I'm considering making this my blog's second weekly feature, depending on the success I have writing the first couple and how well it is received. In it, I will share an unpopular or controversial, yet utterly pointless, observation, and ponder it. Sounds like fun to me.
This week's subject: The Trans-Siberian Orchestra.
The Trans-Siberian Orchestra sounds like Meat Loaf. The orchestra's basic songwriting formula is take a Christmas carol or two in minor keys, add an electric bass riff underneath it, atmospheric percussion such as bells and chimes, keyboard-driven melody lines, a few epic-style guitar solos, some dramatic instrumental swells, and call it a day. If you throw in a loud, sweaty, overweight tenor, you have "Life Is a Lemon (and I Want My Money Back)" every time. The album might as well be called "A Very Meat Loaf Christmas".
So what I'm pondering is this: Why is the Trans-Siberian Orchestra almost universally embraced while Meat Loaf is almost universally mocked? My theory: Meat Loaf has stiffer competition. Since most holiday music has a gratingly mellow light rock adult contemporary sound, the darker sound of the TSO is refreshing by contrast, while Meat Loaf sounds over-the-top and goofy when compared to other rock.
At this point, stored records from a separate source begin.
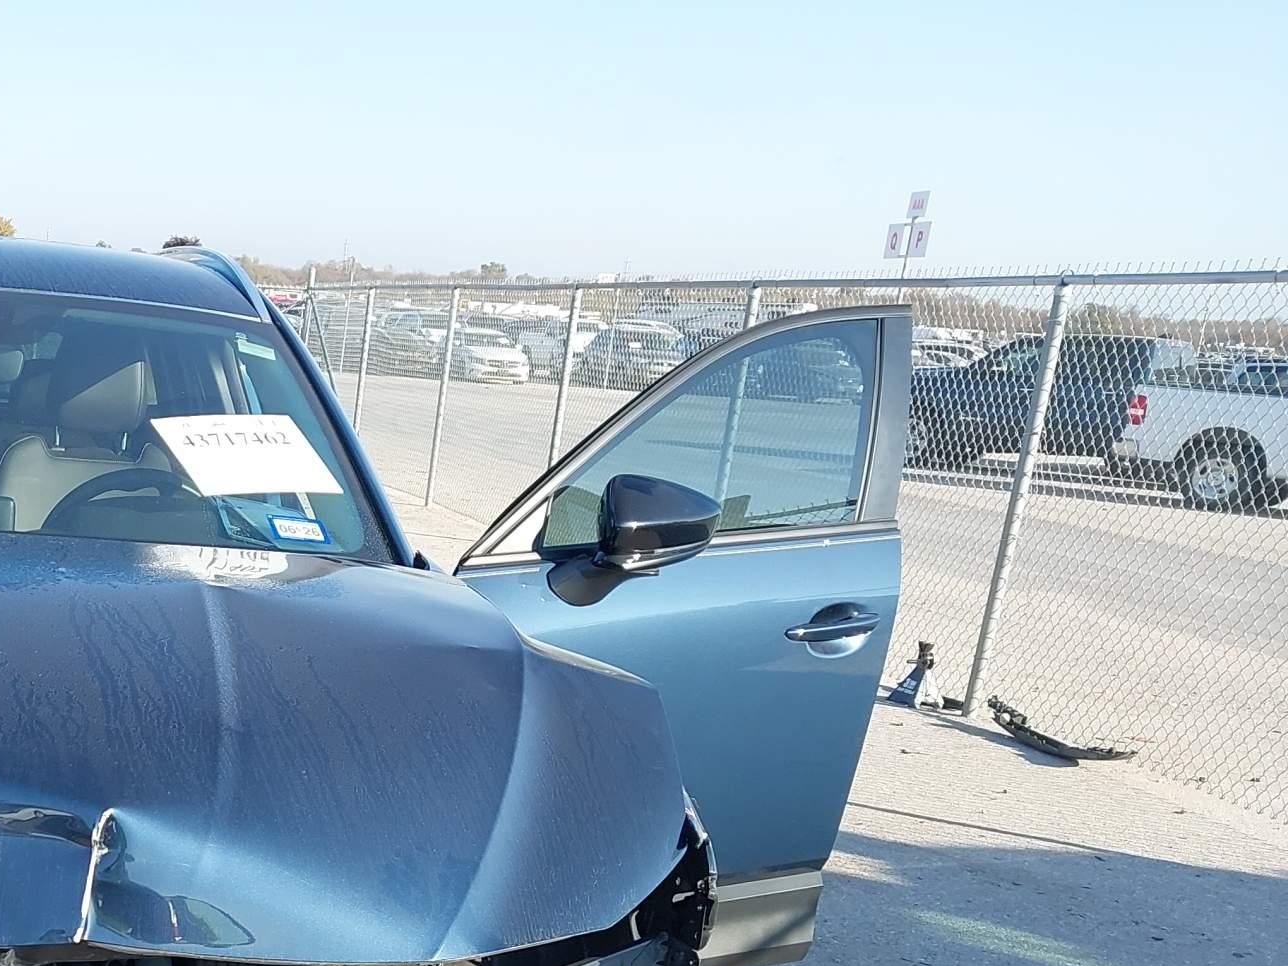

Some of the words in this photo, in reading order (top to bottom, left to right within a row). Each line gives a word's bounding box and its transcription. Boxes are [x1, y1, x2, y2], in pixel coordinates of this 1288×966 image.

[890, 231, 898, 251] Q
[915, 230, 924, 249] P
[183, 431, 292, 448] 43717462
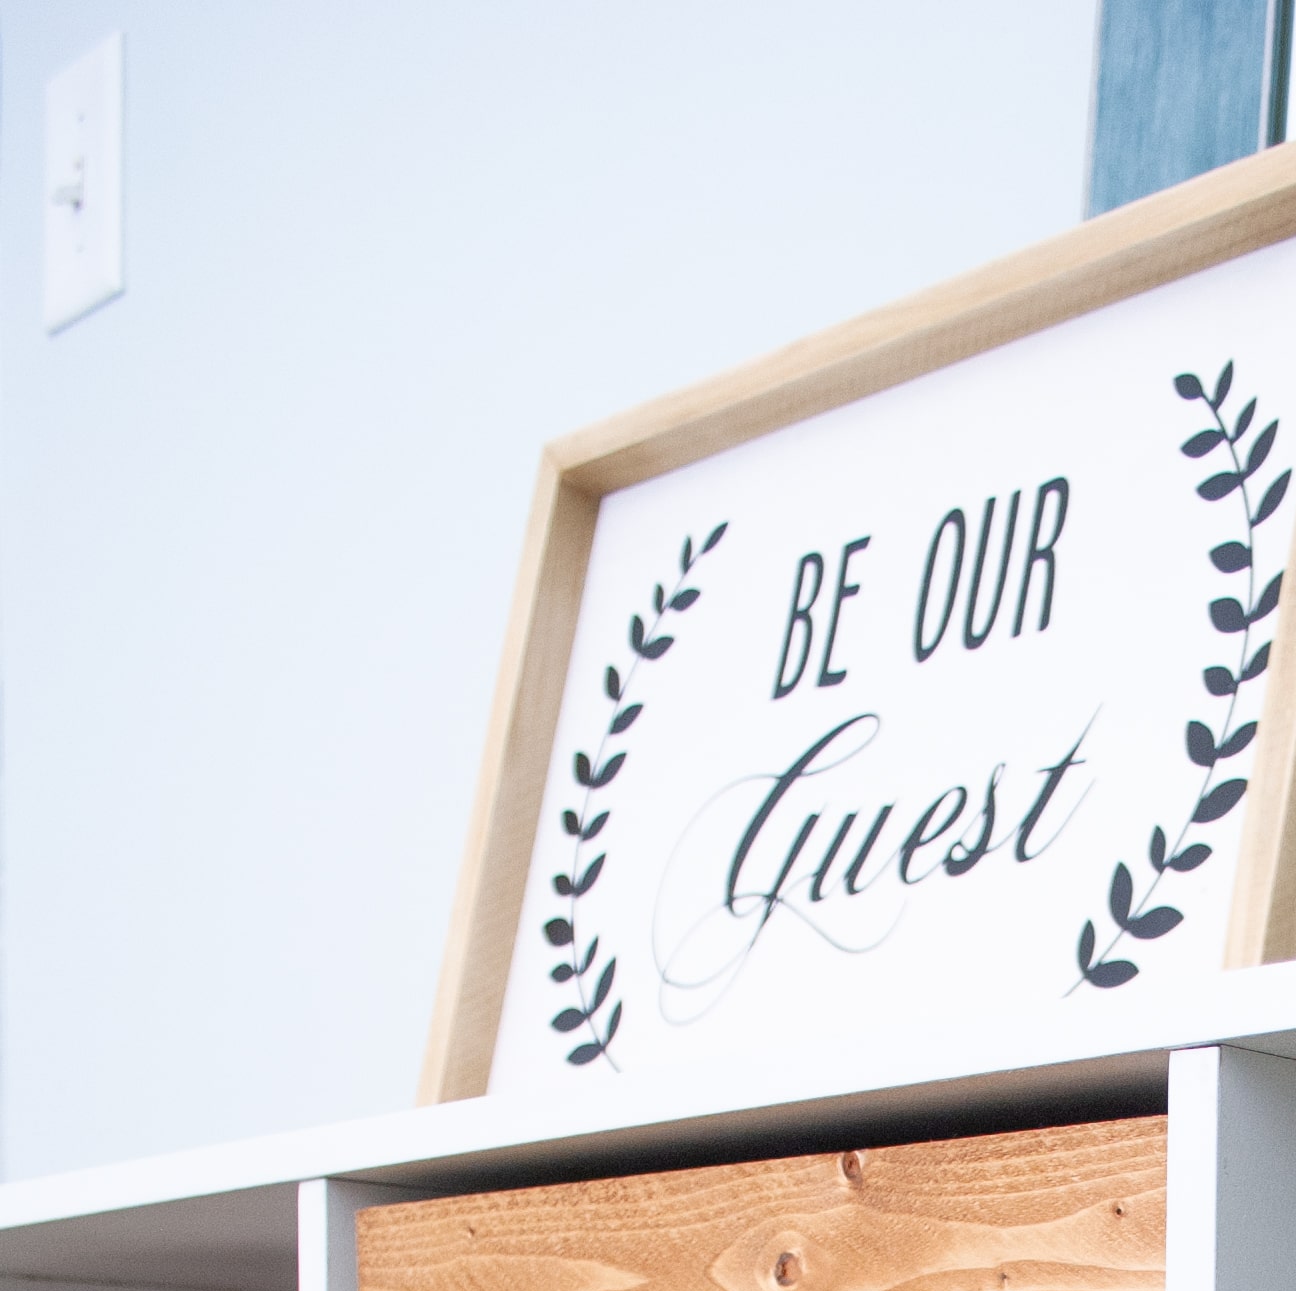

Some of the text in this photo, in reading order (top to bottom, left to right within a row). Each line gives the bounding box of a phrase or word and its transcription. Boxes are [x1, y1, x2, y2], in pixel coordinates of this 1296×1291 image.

[771, 476, 1070, 700] BE OUR
[652, 702, 1103, 1027] Guest
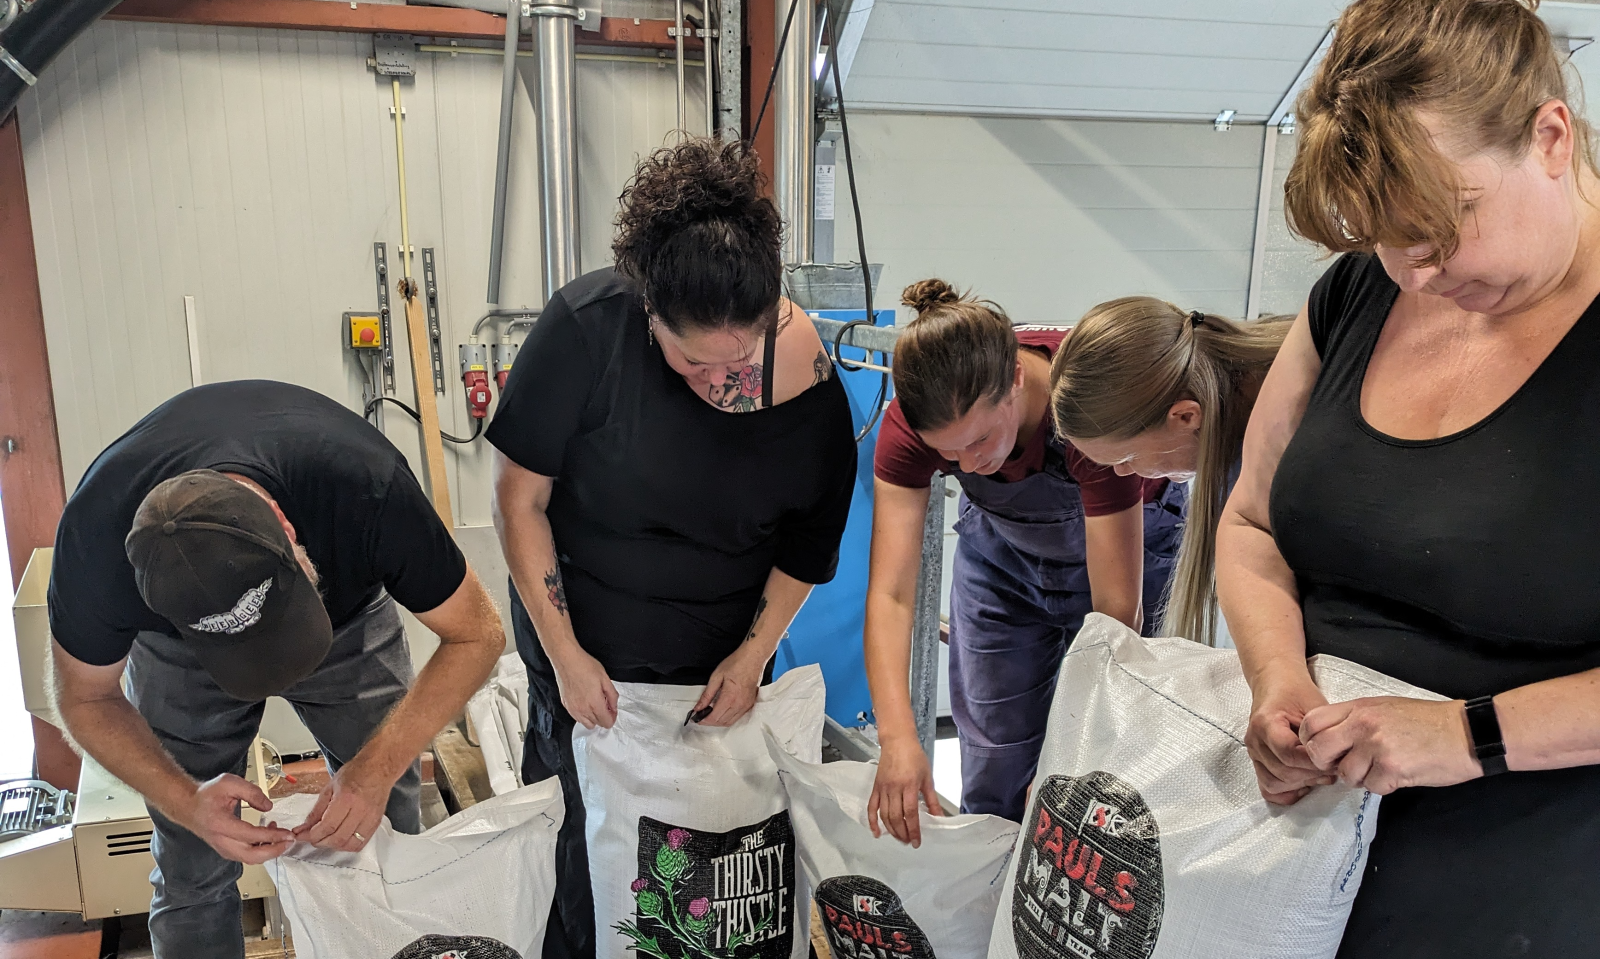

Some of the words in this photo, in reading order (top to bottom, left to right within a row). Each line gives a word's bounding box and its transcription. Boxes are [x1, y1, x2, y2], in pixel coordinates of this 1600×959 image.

[742, 830, 765, 851] THE
[1034, 808, 1139, 914] PAULS
[711, 843, 785, 899] THIRSTY
[1024, 846, 1123, 949] MALT
[713, 887, 787, 949] THISTLE
[825, 905, 913, 953] PAULS
Still, I hold that if you like the Trans-Siberian Orchestra, you pretty much have to like Meat Loaf in the name of ideological consistency in musical tastes. Meat Loaf's songs generally require higher levels of musicianship, too.
I realize this would have been appropriate and timely blogging material about a month ago, but I didn't have a blog then, and I didn't first broach this subject with someone I knew until Christmas Day.